Over the weekend, we borrowed a DVD of the classic 1970s BBC drama, When the Boat Comes In, which described life in a fictional North East town in the aftermath of the First World War. The first episode “A land fit for heroes and idiots” included the story of a shell-shocked veteran who was rejected and abused by petty officials who lacked the most basic understanding of his condition.

It was a work of fiction, but there’s plenty of evidence to support the argument that Prime Minister David Lloyd George’s “land fit for heroes” was never created. Many returned from the trenches to the dole queue and destitution.

A century later, what has changed?
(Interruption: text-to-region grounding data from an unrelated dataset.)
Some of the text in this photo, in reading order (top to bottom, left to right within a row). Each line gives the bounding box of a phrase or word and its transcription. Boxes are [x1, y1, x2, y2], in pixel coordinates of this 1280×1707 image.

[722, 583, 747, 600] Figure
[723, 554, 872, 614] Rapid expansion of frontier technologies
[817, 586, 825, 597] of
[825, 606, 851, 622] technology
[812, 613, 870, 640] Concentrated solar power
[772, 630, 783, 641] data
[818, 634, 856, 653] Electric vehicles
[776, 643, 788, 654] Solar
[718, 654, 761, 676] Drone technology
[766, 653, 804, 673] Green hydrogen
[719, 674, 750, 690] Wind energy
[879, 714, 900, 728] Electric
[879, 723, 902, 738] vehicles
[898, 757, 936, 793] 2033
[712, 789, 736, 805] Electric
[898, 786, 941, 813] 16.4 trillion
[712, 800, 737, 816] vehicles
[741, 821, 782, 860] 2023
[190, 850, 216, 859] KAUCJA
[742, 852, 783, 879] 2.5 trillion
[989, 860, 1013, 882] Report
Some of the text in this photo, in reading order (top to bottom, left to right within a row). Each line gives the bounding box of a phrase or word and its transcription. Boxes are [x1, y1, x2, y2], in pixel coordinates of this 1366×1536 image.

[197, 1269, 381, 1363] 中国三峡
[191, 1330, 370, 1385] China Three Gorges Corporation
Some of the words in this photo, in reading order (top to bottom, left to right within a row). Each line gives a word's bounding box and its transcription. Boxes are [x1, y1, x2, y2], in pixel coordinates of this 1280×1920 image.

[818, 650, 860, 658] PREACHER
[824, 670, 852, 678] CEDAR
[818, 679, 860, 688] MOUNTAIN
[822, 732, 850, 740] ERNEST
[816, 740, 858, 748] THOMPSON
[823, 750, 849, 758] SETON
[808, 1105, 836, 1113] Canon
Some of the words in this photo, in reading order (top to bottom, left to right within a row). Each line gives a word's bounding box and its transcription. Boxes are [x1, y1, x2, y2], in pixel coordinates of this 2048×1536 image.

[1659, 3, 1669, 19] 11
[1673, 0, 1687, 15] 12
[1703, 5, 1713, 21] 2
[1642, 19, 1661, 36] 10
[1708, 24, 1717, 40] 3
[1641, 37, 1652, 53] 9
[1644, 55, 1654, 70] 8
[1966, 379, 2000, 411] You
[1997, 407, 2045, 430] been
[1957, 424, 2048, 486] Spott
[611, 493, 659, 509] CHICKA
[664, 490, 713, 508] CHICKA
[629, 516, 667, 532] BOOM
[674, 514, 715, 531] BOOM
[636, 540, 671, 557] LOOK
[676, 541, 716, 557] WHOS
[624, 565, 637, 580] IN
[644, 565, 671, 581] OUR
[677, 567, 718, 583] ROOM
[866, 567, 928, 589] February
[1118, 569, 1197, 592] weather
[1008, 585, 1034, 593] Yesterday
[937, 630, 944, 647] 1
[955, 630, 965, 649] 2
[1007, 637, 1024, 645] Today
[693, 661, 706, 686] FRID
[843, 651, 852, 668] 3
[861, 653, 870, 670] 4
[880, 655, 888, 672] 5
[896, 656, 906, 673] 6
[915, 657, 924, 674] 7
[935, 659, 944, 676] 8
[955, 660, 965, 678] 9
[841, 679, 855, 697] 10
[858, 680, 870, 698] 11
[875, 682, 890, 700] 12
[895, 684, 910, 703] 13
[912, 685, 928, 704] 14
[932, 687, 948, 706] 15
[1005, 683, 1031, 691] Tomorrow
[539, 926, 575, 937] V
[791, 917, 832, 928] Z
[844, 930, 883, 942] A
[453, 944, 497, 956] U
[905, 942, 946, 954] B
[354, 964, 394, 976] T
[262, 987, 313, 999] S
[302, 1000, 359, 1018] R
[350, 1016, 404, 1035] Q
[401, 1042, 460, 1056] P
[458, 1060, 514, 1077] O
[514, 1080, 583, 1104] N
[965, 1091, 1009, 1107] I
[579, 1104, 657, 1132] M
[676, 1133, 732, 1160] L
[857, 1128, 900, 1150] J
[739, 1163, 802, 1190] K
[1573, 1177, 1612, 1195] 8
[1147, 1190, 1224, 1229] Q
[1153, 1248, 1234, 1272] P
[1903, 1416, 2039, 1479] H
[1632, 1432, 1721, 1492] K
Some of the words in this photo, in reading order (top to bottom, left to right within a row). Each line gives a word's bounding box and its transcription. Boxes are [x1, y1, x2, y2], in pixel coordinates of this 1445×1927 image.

We might believe that we’re far more sensitive and enlightened than our ancestors, but the facts don’t always bear this out. Recent conflicts haven’t been on the scale of the First World War, and the economic gloom is lifting. However, some former service personnel still cannot gain a foothold in the world of work, and this failure is harming our economy. Yesterday, I was contacted by a Yorkshire-based former member of the armed forces, who had been trying to put his skills to use in the private sector.

“What I experienced astounded me,” he said.

The former serviceman said that he was stunned to encounter so many negative reactions when the potential employer discovered that he’d been in the forces.

He recalled: “One person in a large security company told me, ‘We don’t want ex-forces as they are not suitable candidates for work.’

“Many companies used the excuse of saying, “You’re too qualified.’”

Others apparently told him: “You won’t stay here that long, with your qualifications and skills”.

The man claims to have been told by one company that former members of the armed forces “bring too much trouble”.

If this is correct, then it’s a shocking way of describing somebody who was willing to die for our freedom.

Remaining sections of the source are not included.